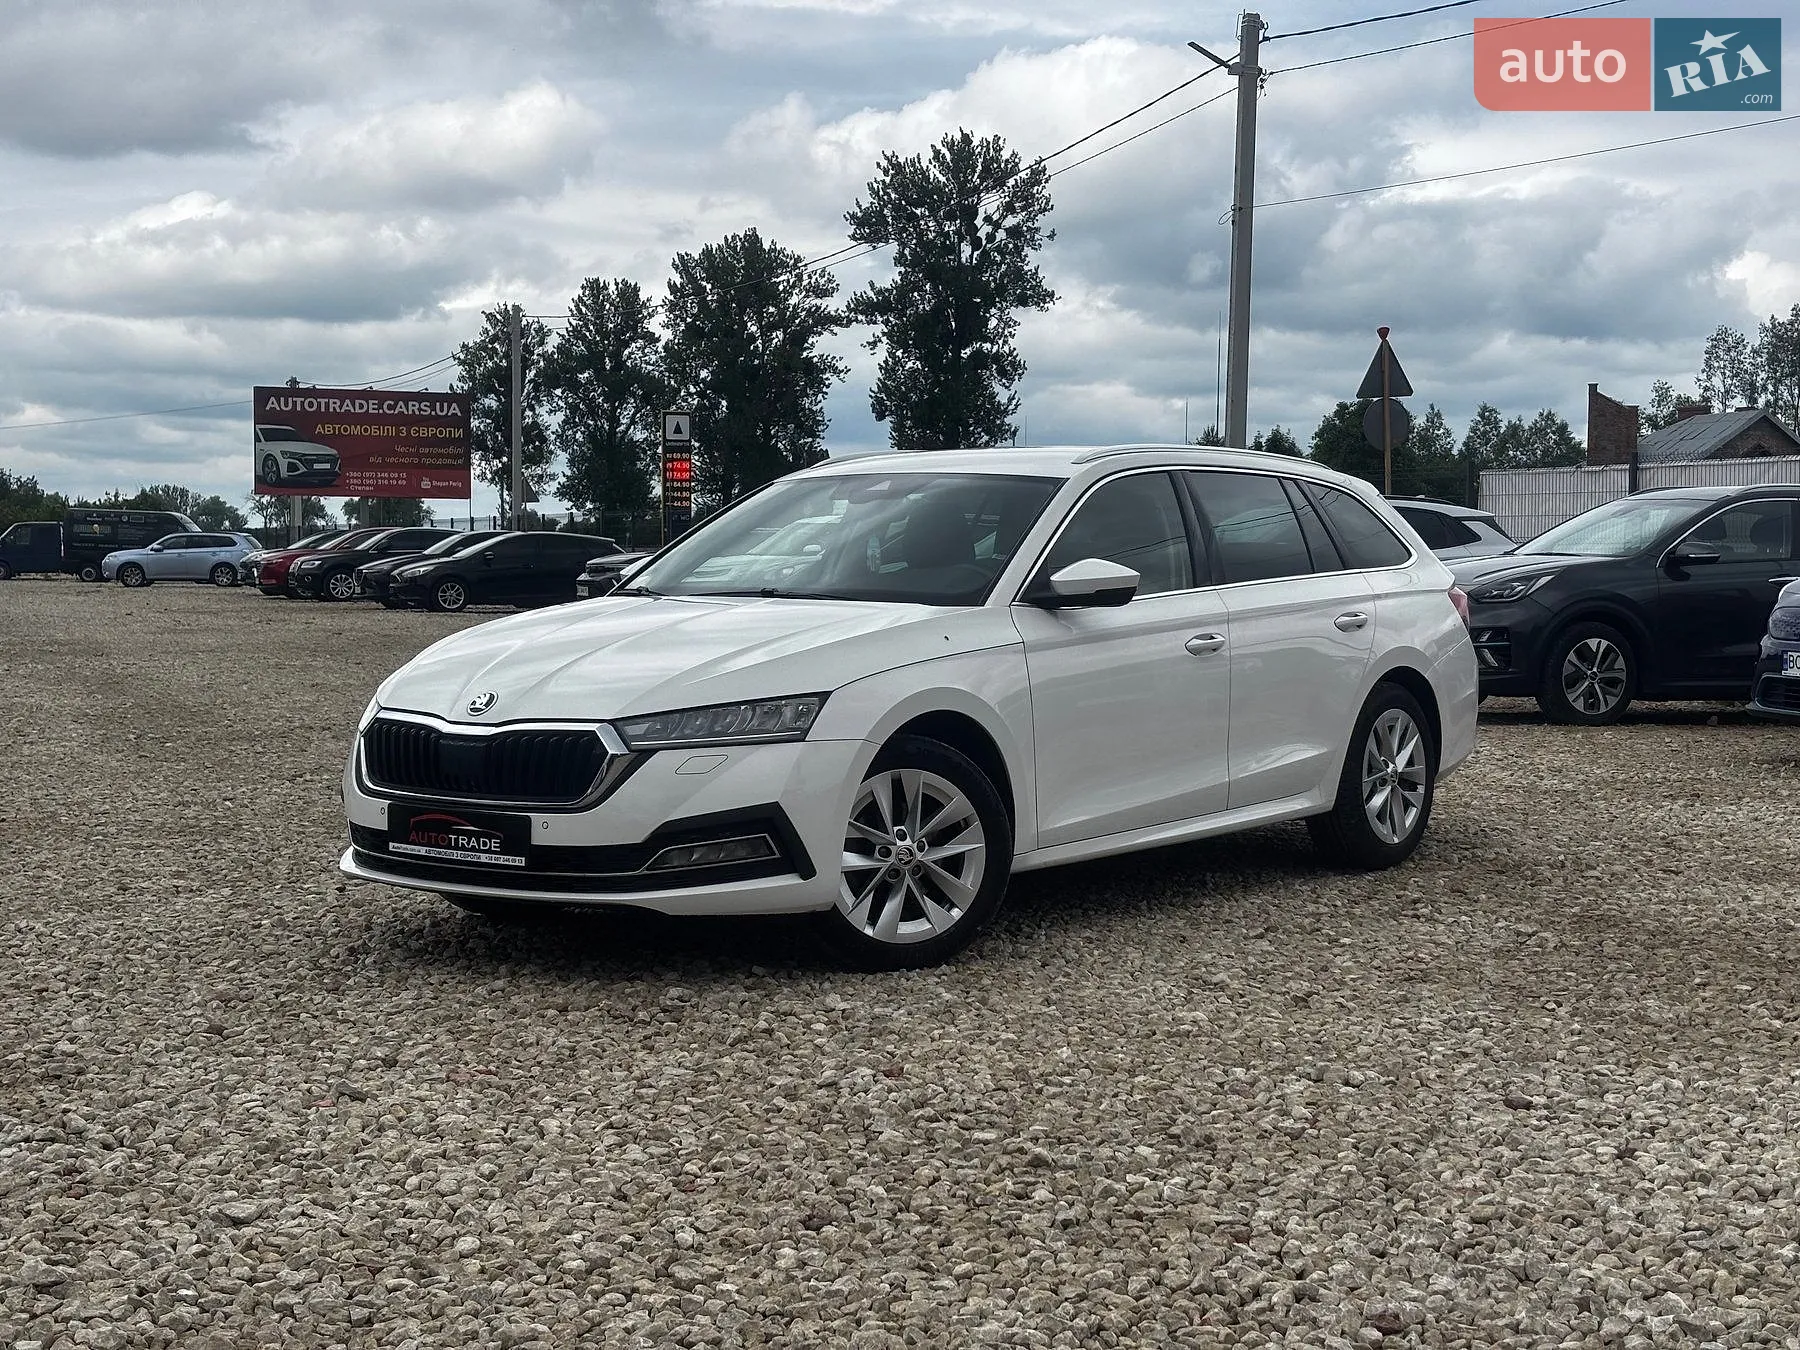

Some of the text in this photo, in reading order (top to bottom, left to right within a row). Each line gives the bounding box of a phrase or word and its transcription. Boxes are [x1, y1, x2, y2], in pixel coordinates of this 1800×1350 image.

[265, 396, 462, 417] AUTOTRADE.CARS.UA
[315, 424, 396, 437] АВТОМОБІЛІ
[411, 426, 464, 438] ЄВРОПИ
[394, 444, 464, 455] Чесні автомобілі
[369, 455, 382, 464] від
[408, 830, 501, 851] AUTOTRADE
==*==
## Instructions for the task:
Keep the pictures out of the copy and write out the data exactly as it stands.

## Solved exercise:
Some of the text in this photo, in reading order (top to bottom, left to right within a row). Each line gives the bounding box of a phrase or word and its transcription. Boxes are [x1, y1, x2, y2], in pixel coordinates of this 1800×1350 image.

[265, 396, 462, 417] AUTOTRADE.CARS.UA
[315, 424, 396, 437] АВТОМОБІЛІ
[411, 426, 464, 438] ЄВРОПИ
[394, 444, 464, 455] Чесні автомобілі
[369, 455, 382, 464] від
[408, 830, 501, 851] AUTOTRADE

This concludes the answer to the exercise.